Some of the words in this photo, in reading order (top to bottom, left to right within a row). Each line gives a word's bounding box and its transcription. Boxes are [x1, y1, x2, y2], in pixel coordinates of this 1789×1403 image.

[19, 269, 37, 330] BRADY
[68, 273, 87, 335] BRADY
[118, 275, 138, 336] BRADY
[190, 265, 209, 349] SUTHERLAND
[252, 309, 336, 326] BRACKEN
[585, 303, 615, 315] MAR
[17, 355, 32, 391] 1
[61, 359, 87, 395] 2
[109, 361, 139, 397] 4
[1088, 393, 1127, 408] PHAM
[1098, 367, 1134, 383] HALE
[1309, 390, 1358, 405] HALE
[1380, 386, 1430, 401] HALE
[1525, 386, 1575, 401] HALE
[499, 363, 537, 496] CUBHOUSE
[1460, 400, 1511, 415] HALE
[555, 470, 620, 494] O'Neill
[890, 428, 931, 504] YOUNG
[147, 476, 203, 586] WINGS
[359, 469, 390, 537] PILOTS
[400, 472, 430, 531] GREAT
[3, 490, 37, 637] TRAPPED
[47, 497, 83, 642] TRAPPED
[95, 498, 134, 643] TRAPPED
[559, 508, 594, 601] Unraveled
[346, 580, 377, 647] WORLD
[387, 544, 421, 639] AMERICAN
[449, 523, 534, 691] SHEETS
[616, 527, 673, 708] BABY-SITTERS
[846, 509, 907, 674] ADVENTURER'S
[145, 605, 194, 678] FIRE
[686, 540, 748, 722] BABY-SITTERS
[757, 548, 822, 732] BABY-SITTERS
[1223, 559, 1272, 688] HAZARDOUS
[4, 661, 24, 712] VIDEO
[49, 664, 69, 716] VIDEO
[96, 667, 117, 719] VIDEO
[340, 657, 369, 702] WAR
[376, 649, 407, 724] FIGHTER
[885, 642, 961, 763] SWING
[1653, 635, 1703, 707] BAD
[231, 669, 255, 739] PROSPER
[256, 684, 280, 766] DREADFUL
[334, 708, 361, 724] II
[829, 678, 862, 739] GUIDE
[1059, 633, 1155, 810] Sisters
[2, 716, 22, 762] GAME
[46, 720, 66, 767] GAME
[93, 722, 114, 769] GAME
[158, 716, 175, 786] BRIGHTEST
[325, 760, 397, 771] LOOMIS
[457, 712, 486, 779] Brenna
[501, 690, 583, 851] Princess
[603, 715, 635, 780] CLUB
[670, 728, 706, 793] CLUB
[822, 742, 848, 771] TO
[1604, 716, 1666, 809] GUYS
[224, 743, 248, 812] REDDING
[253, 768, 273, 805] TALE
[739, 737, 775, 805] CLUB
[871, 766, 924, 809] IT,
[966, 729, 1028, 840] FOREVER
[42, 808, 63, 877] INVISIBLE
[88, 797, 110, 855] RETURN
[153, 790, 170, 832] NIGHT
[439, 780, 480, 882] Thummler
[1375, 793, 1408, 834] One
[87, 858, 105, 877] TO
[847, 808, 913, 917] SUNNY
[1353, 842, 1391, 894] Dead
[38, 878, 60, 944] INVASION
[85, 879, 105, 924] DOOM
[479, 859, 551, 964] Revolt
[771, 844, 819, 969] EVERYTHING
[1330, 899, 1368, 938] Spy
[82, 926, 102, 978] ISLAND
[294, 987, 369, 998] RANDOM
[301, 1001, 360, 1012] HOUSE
*****
- GOAL OF THE EXERCISE: Copy every line of the listing where the word "BRADY" appears.

- ANSWER SECTION:
[19, 269, 37, 330] BRADY
[68, 273, 87, 335] BRADY
[118, 275, 138, 336] BRADY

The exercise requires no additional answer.